Burdock has an ancient and respected reputation as a nutritive liver tonic that helps to clean and build the blood, while its diuretic action of burdock helps in the elimination of waste materials. Taken internally, this root promotes sweating and the elimination of harmful high levels of uric acid via the kidneys. (Mabey,Richard ,41) The roots, leaves, and seeds of burdock can all be used, but in commercial preparations, you'll most commonly find the root. Rich in minerals, this plant is used as a food by many cultures. Burdock helps to cleanse the body from the inside out and is most useful in those conditions that can be traced back to liver disorders or a general overload of toxins in the system including problem skin. (Dawson,Adele ) Burdock may also play a useful role in helping to control blood sugar levels due to the inulin content of the root. In Europe, the fresh root is used for lowering blood sugar, its inulin content making it particularly suitable for diabetes.(1)

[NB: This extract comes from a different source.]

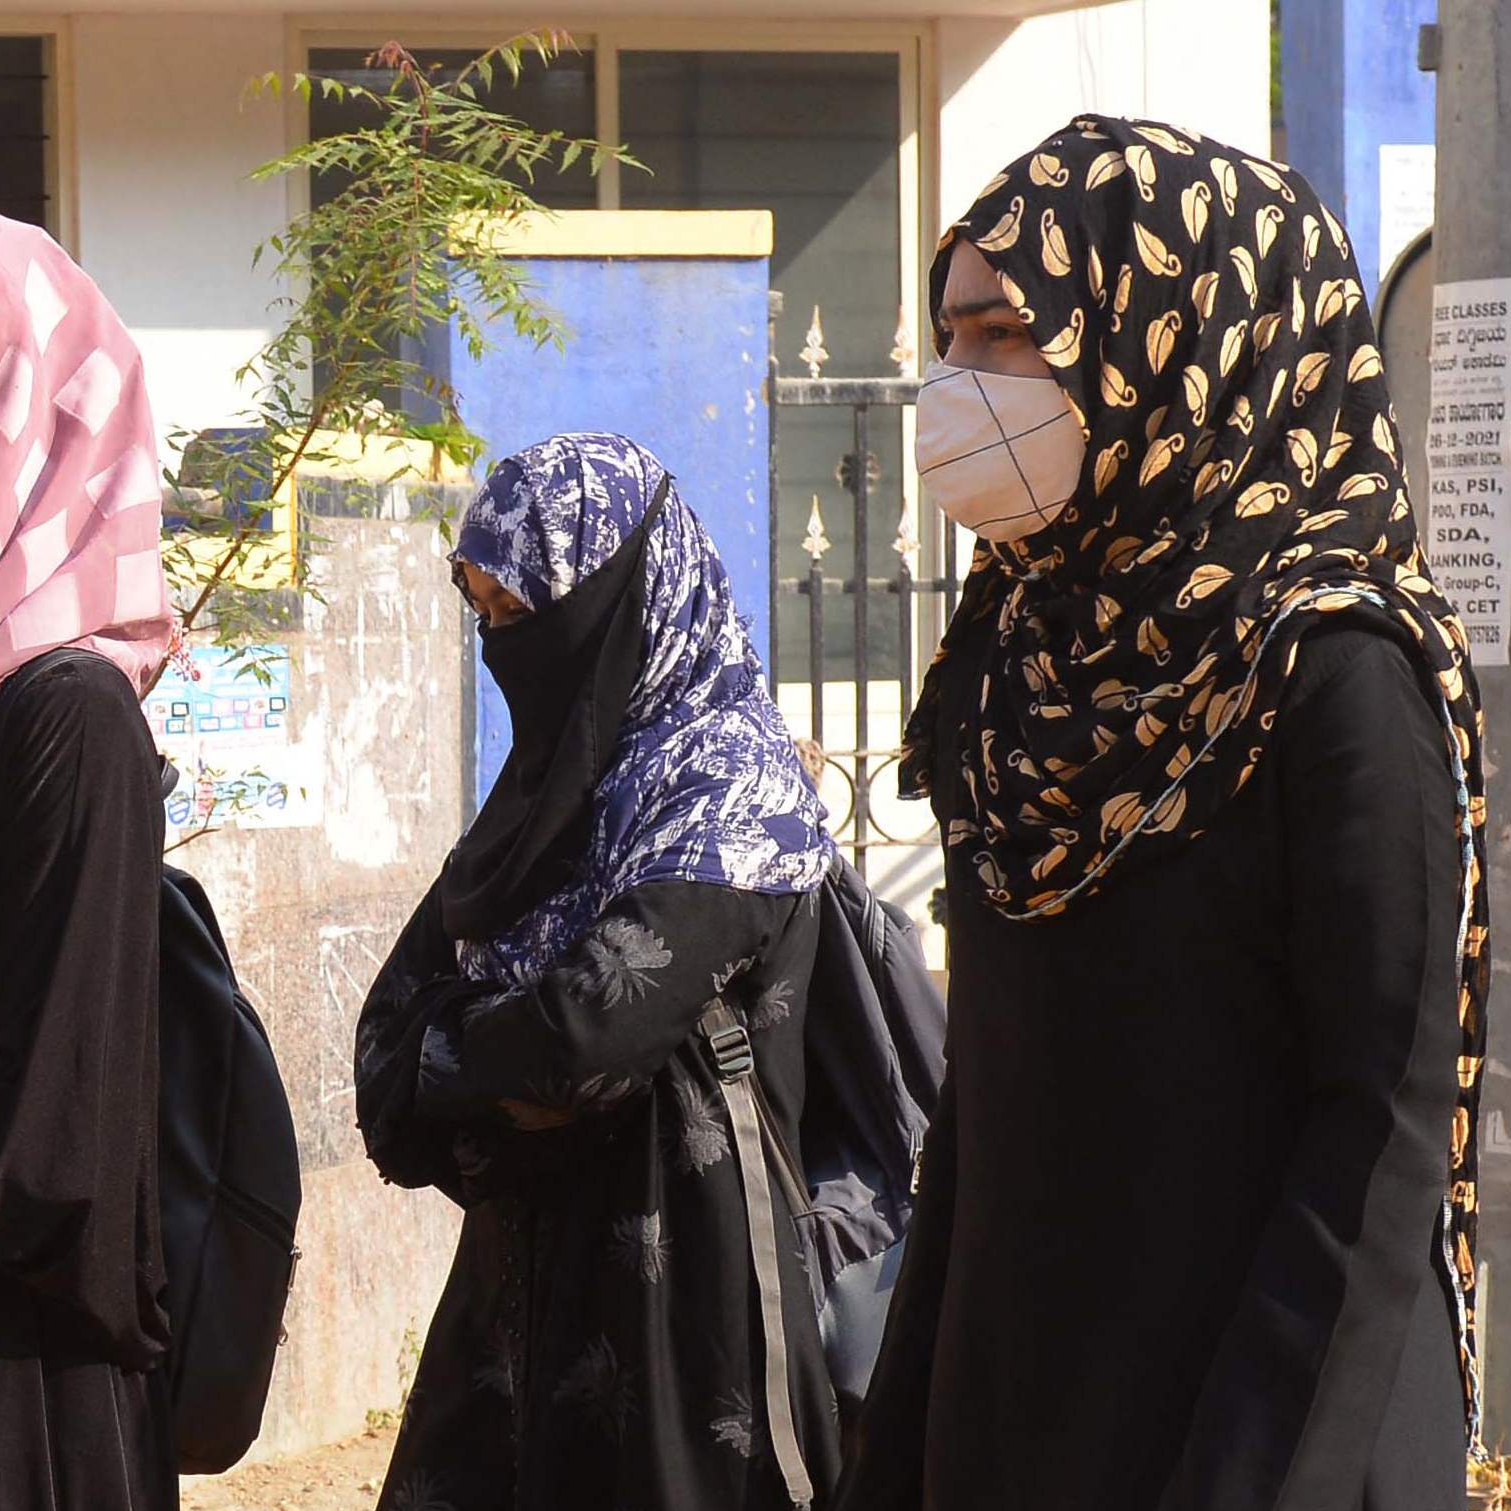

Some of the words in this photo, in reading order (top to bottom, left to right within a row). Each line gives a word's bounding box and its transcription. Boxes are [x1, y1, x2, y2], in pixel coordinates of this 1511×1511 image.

Burdock is one the herbs from the tradition of Western herbalism used in treatment of cancer, most likely for it's well demonstrated depurative properties. Burdock has demonstrated antitumor effects in animal studies, in other research it has acted as an antimutagen.White, Linda B. M.D. Burdock is not presented as a stand alone treatment for cancer, but may be used in a supporting role as part of holistic treatment practices.

Preparation Methods & Dosage : Burdock is taken as a tincture and in extracts. Simmer 1 tablespoon of dried root in 2 cups of water for 20 minutes. Drink up to 4 cups daily. Tea can also be used as a skin and face wash. Apply the cooled tea to the skin with a clean facecloth, and rinse in cool water.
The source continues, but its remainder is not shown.